La popstar internazionale Jennifer Lopez ha seguito l'inno patriottico "America the Beautiful". La sua esibizione ha fatto seguito a quella di Lady Gaga, a cui è stata affidata la performance dell'inno nazionale. Al pari di quanto avvenuto per l'italo-americana, anche l'esibizione della newyorchese di origini latine è stata da brividi. Una voce assolutamente magnetica e una presenza di grandissima importanza, soprattutto perché portatrice di un messaggio inclusivo dedicato alle minoranze d'America.

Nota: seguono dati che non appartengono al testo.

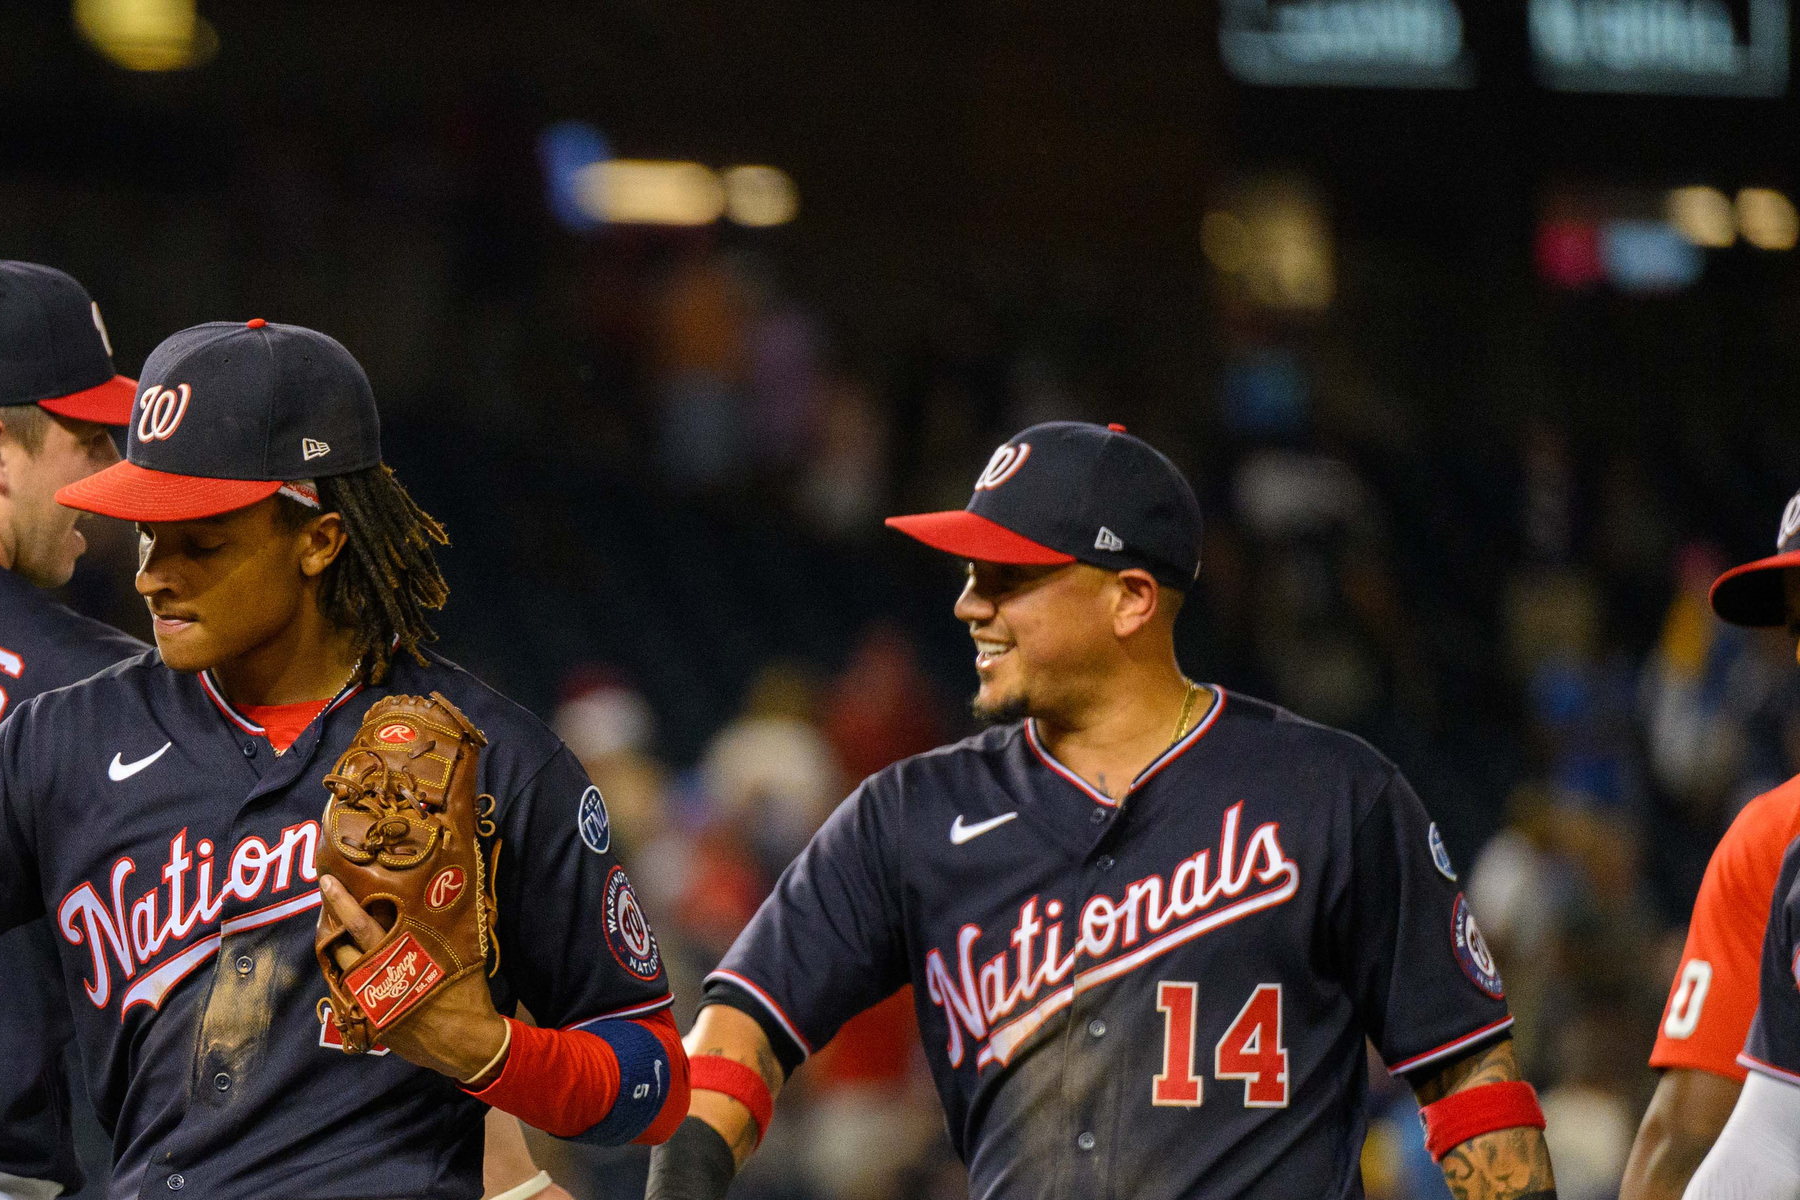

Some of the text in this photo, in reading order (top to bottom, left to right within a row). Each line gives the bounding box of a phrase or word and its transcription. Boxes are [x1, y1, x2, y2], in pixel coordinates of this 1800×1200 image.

[137, 386, 192, 444] W
[583, 800, 608, 845] TNL
[57, 819, 322, 1022] Nation
[926, 799, 1300, 1073] Nationals
[364, 951, 418, 1009] Rawlings
[1152, 980, 1290, 1108] 14

Proprio nella parte finale del brano, infatti, Jennifer Lopez ha chiesto giustizia in spagnolo.

L'esibizione di Jennifer Lopez

L'esibizione di Jennifer Lopez è stata contraddistinta dal grido di giustizia in spagnolo: "Una nacion con libertad y justicia para todos". Un messaggio in linea con quella che è la politica e la volontà del nuovo Presidente degli Stati Uniti d'America, Joe Biden, che ha citato Sant'Agostino nel suo discorso di insediamento, promettendo di essere "il Presidente di tutti". Un messaggio di pace e di grande speranza dopo una prova difficile, una sfida che ha allontanato gli Stati Uniti d'America dal resto del mondo. Anche in questo senso, la canzone di Jennifer Lopez ha avuto una duplice forza e una duplice valenza.

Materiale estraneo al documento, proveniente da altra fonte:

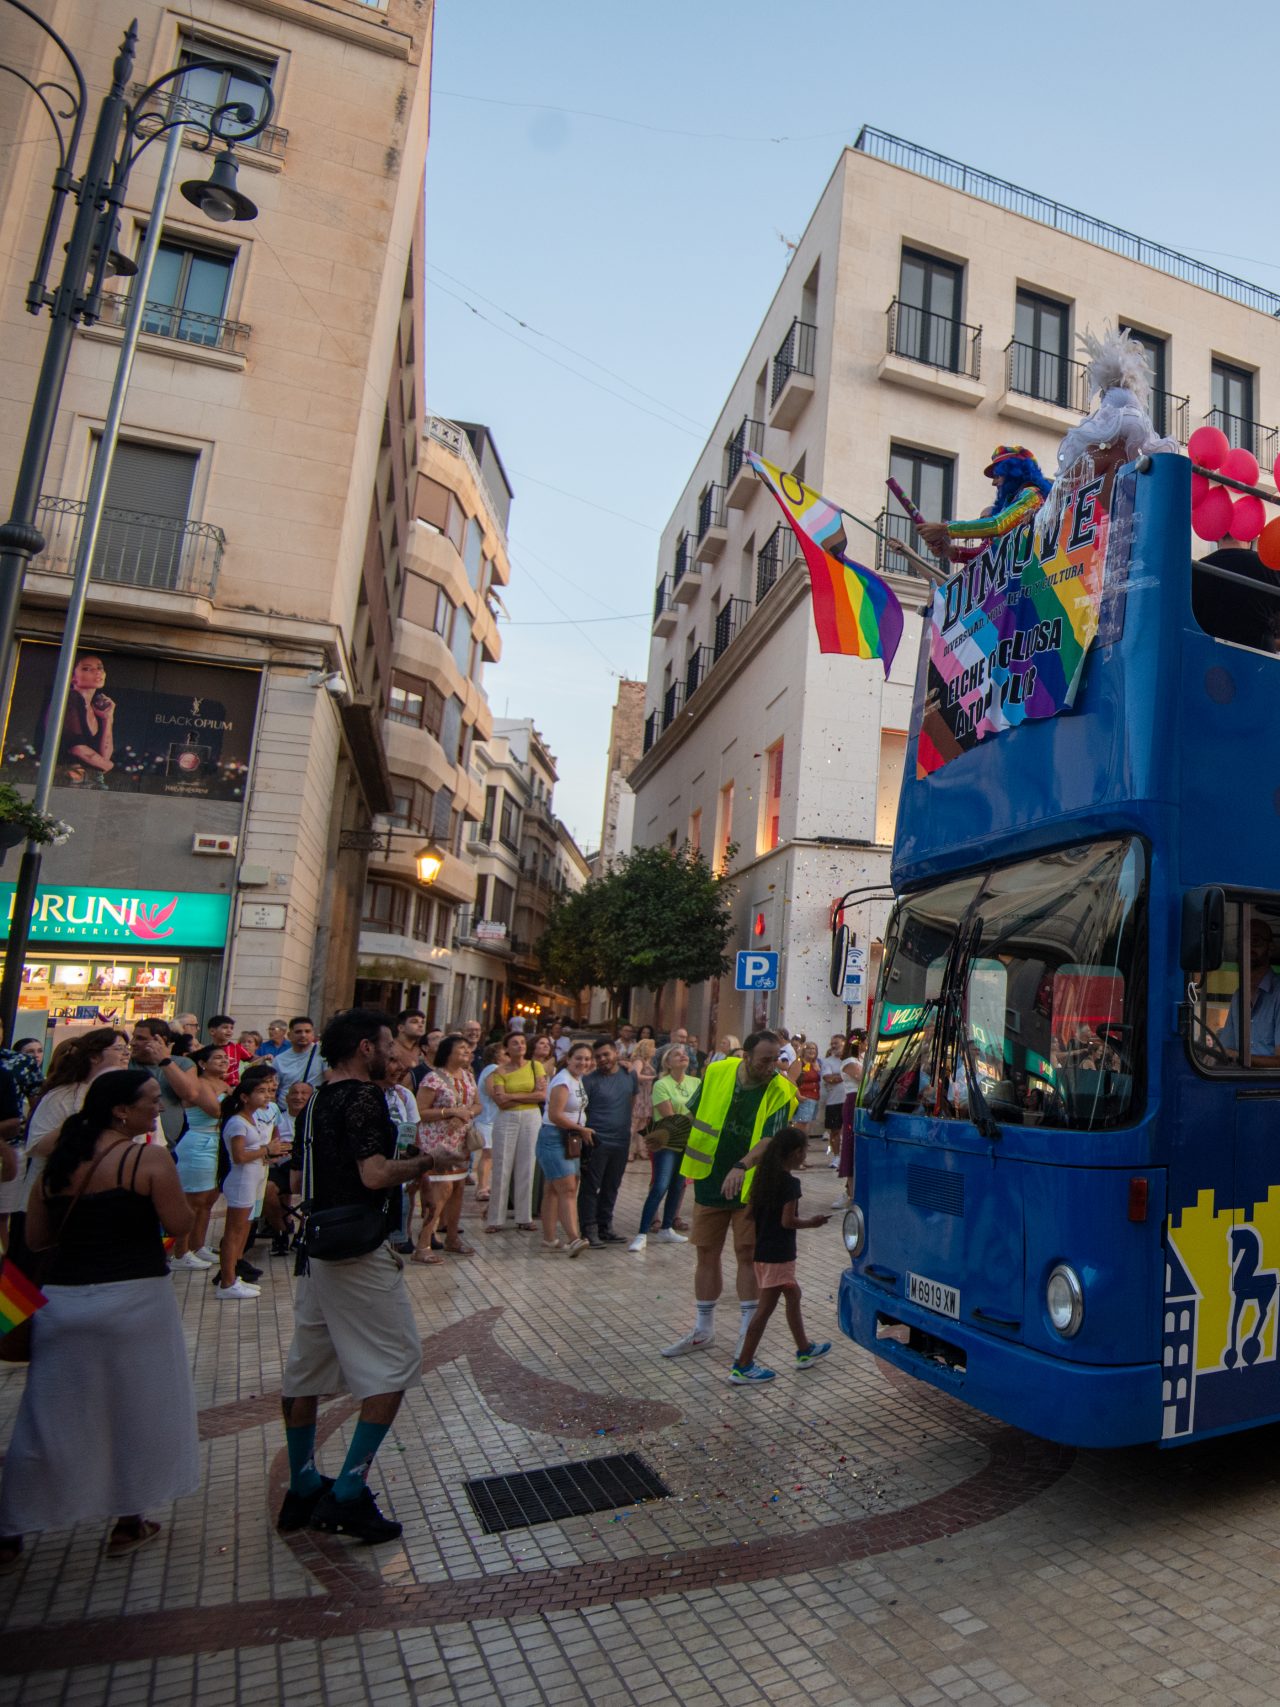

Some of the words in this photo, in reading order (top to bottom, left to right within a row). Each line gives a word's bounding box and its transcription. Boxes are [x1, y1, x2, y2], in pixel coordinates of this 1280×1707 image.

[1041, 563, 1085, 591] CULTURA
[947, 657, 986, 709] ELCHE
[155, 714, 193, 727] BLACK
[194, 718, 233, 731] OPIUM
[8, 924, 131, 937] RFUMERIES
[745, 956, 770, 986] P
[911, 1276, 917, 1299] M
[918, 1280, 942, 1308] 6919

America the Beautiful, la canzone cantata da Jennifer Lopez

America the Beautiful è la canzone cantata da Jennifer Lopez all'insediamento del 46esimo Presidente degli Stati Uniti d'America, Joe Biden. Si tratta di un inno patriottico statunitense, inizialmente pubblicato come poesia scritta da Katharine Lee Bates nel 1895, e arrangiata su musiche di Samuel A. Ward nel 1910. È uno dei brani più emozionanti e patriottici per la storia degli Stati Uniti d'America. Non è un caso che, proprio come l'inno nazionale, venga cantato in eventi solenni come l'insediamento del Presidente, ma anche per introdurre altri importanti eventi sportivi, come il Super Bowl, la finale di football americano.